Each line of the records has to be copied exactly, though the pictures must be left out.

(Beginning of GIVEN DATA)

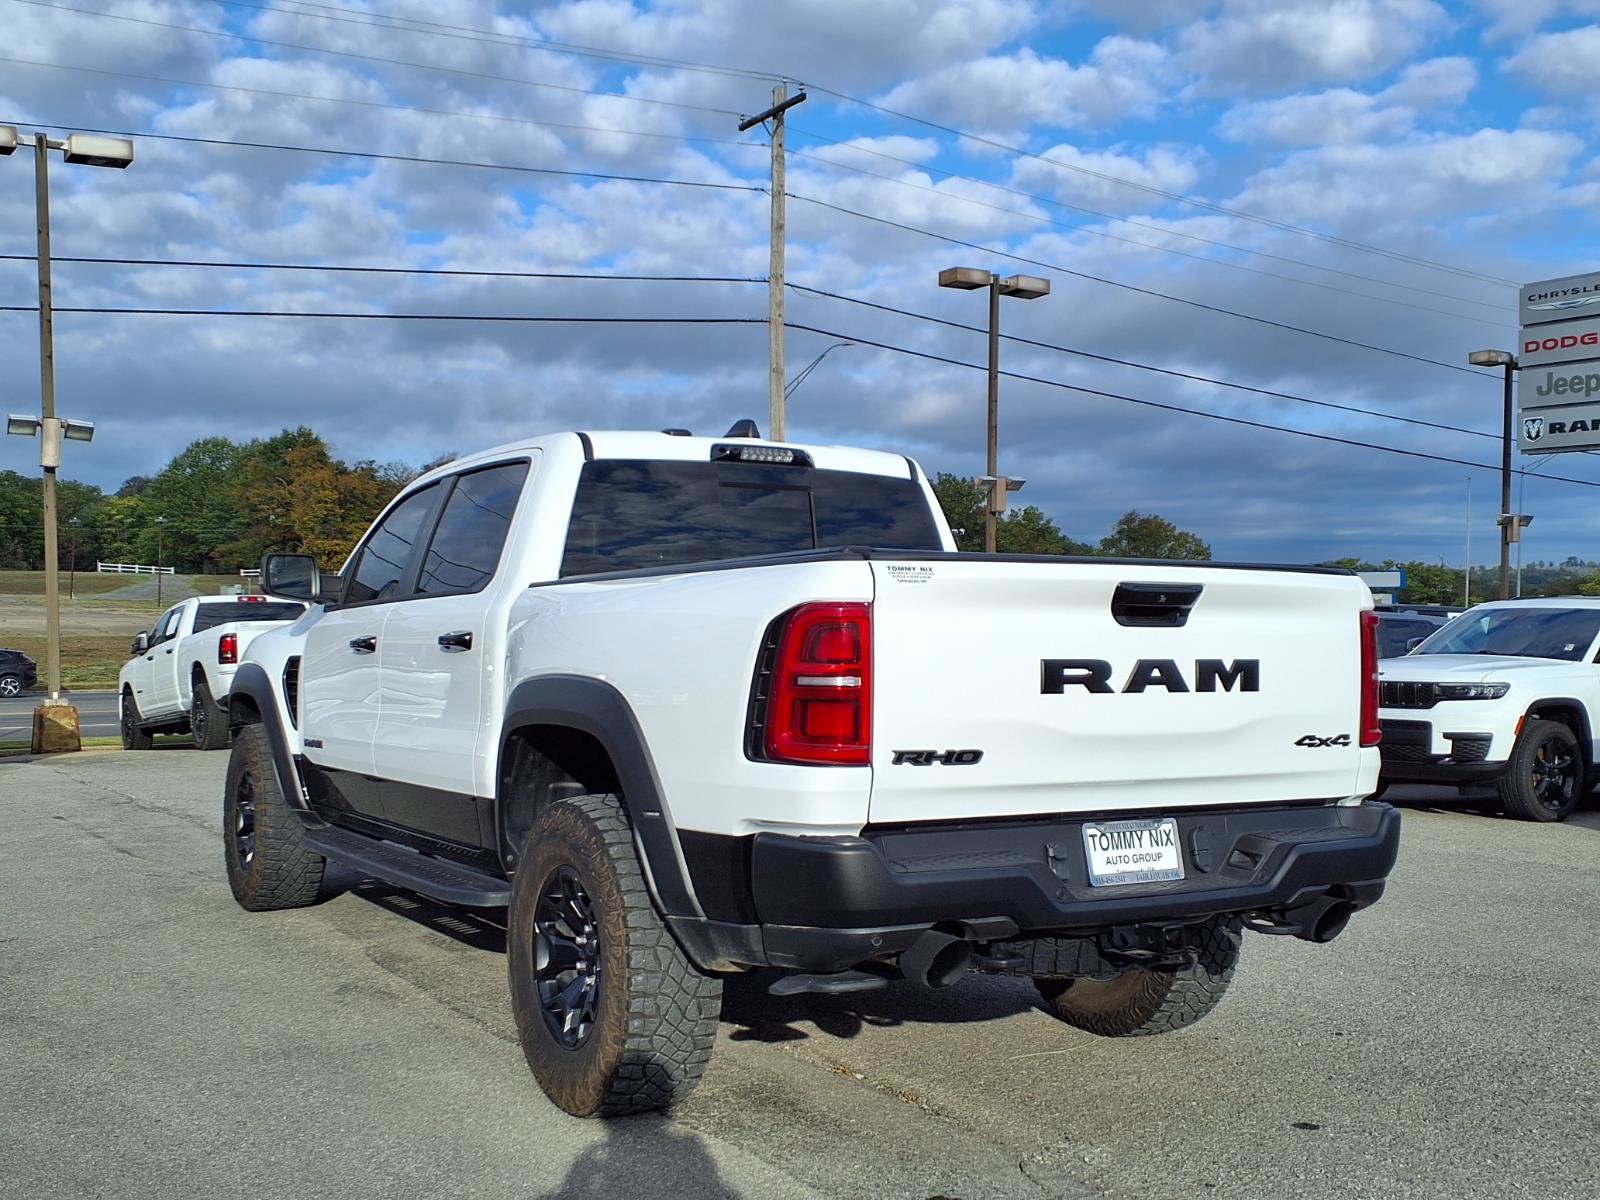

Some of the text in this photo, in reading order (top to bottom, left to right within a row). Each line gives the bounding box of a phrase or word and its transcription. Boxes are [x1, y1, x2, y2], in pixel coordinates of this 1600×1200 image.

[1524, 332, 1598, 353] DODG
[1536, 371, 1600, 397] Jeep
[1040, 659, 1260, 694] RAM
[1294, 734, 1351, 748] 4x4
[891, 749, 984, 766] RHO
[1089, 829, 1174, 852] TOMMY NIX
[1106, 852, 1163, 865] AUTO GROUP

(End of GIVEN DATA)

YOUR SOLUTION:
Some of the text in this photo, in reading order (top to bottom, left to right within a row). Each line gives the bounding box of a phrase or word and its transcription. Boxes are [x1, y1, x2, y2], in pixel coordinates of this 1600×1200 image.

[1524, 332, 1598, 353] DODG
[1536, 371, 1600, 397] Jeep
[1040, 659, 1260, 694] RAM
[1294, 734, 1351, 748] 4x4
[891, 749, 984, 766] RHO
[1089, 829, 1174, 852] TOMMY NIX
[1106, 852, 1163, 865] AUTO GROUP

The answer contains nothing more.